Different research approaches are adopted in the study. Our literature review indicates present studies on the urban climate in Chongqing are mainly confined within the historical trend analysis of several weather stations operated by the Chongqing government, little is known about the spatial distribution of urban air temperature and how the local land cover influences the air temperature, especially when there are rivers running through the Chongqing urban area. To contribute to the present knowledge, a series of field measurement campaigns and numerical simulations were carried out. Two complementary types of field measurements are included: fixed weather stations and mobile transverse measurement. Numerical simulations using a house-developed program are able to predict the urban air temperature in Chongqing.

The main research findings are:

• An average rising trend of 0.10°/decade was found for the annual mean temperature from 1961-2010 in Chongqing. This number is much higher than the global rising trend of 0.074°/decade, indicating a higher degree of urban warming in Chongqing.

• More frequent and serious heat waves are also expected in Chongqing under the changing climates and increasing urbanization.

• Conflict exists on how the TGR influences surrounding microclimates. Some numerical simulations show that there are significant impacts on air temperature and precipitation, while recent high-resolution meso-scale simulation shows such influence to be insignificant.

• The urban microclimate is very sensitive to the local environment. A higher air temperature is always related to higher building density and population density.

• The urban heat island intensity in Chongqing is higher in the summer compared to autumn and winter.

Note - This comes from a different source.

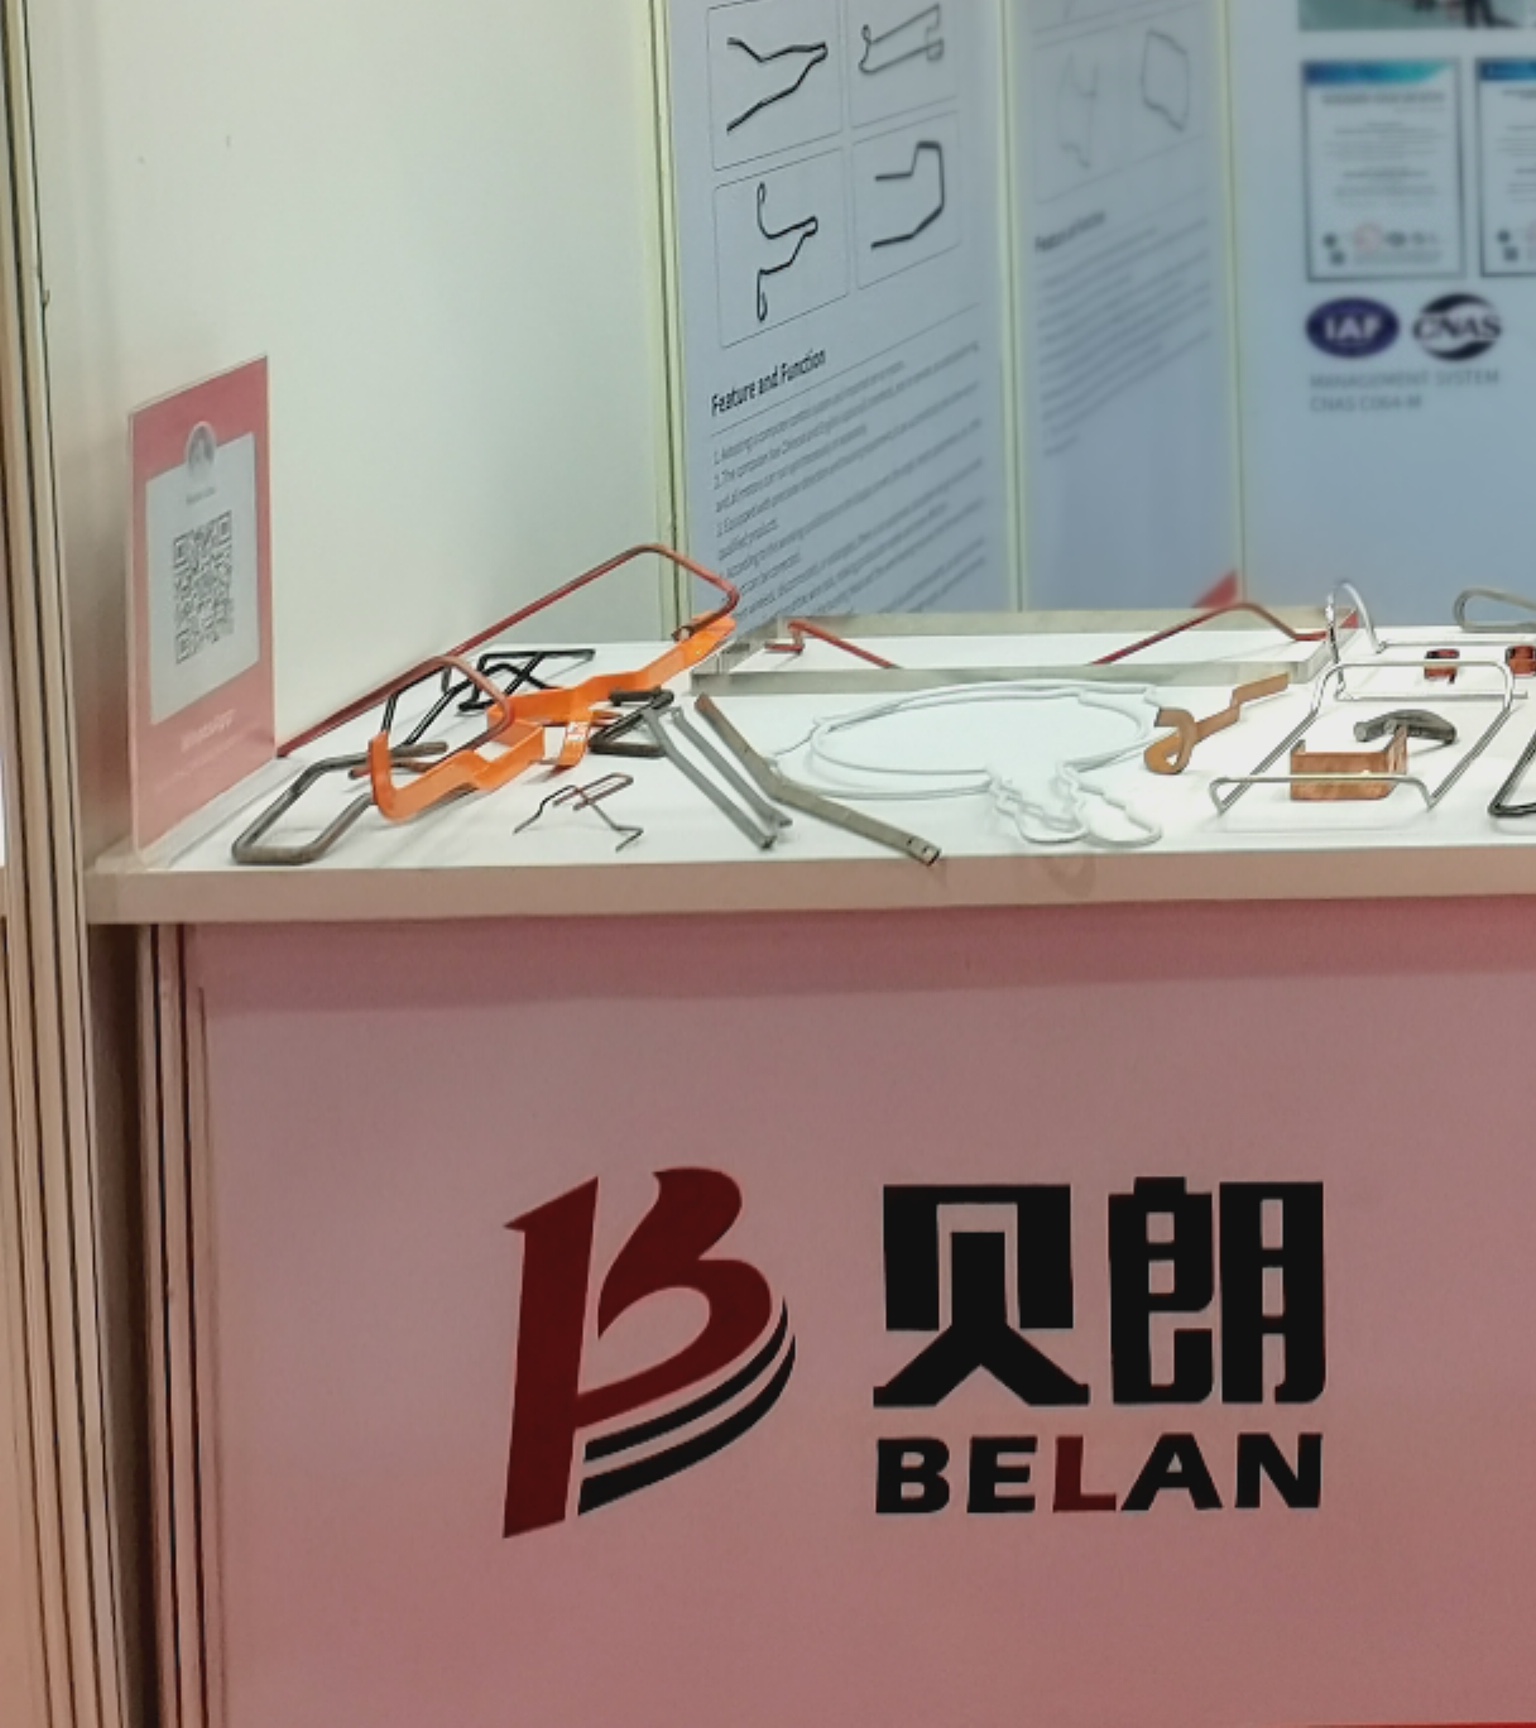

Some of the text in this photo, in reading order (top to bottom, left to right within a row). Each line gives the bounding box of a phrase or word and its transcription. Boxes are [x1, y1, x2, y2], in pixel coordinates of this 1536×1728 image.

[711, 349, 826, 417] Feature and Function
[873, 1176, 1326, 1408] 贝朗
[876, 1432, 1323, 1515] BELAN

The maximum urban heat island intensity occurs at around 2400, and can be as high as 2.5°C. In the daytime, an urban cool island exists.

• Our mobile measurement shows that the local greenery has a great impact on the local thermal environment. Urban green spaces can help to reduce urban air temperatures and therefore mitigate the urban heat island.

• The cooling effect of an urban river is limited in Chongqing, as both sides of the river are the most developed areas, but the relative humidity is much higher near the river compared to places further away from the river.

• The numerical simulation and mapping is clearly influential in predicting the urban air temperature at an urban scale with its high resolution imagery. The prediction results agree with our onsite and mobile measurements. The urban air/surface temperature is very sensitive to the local land cover and anthropogenic activities. Moreover, the urban heat storage plays an important role in determining the temperature in the urban area. The urban fabric stores the heat and releases it later, which creates a profound urban heat island at night.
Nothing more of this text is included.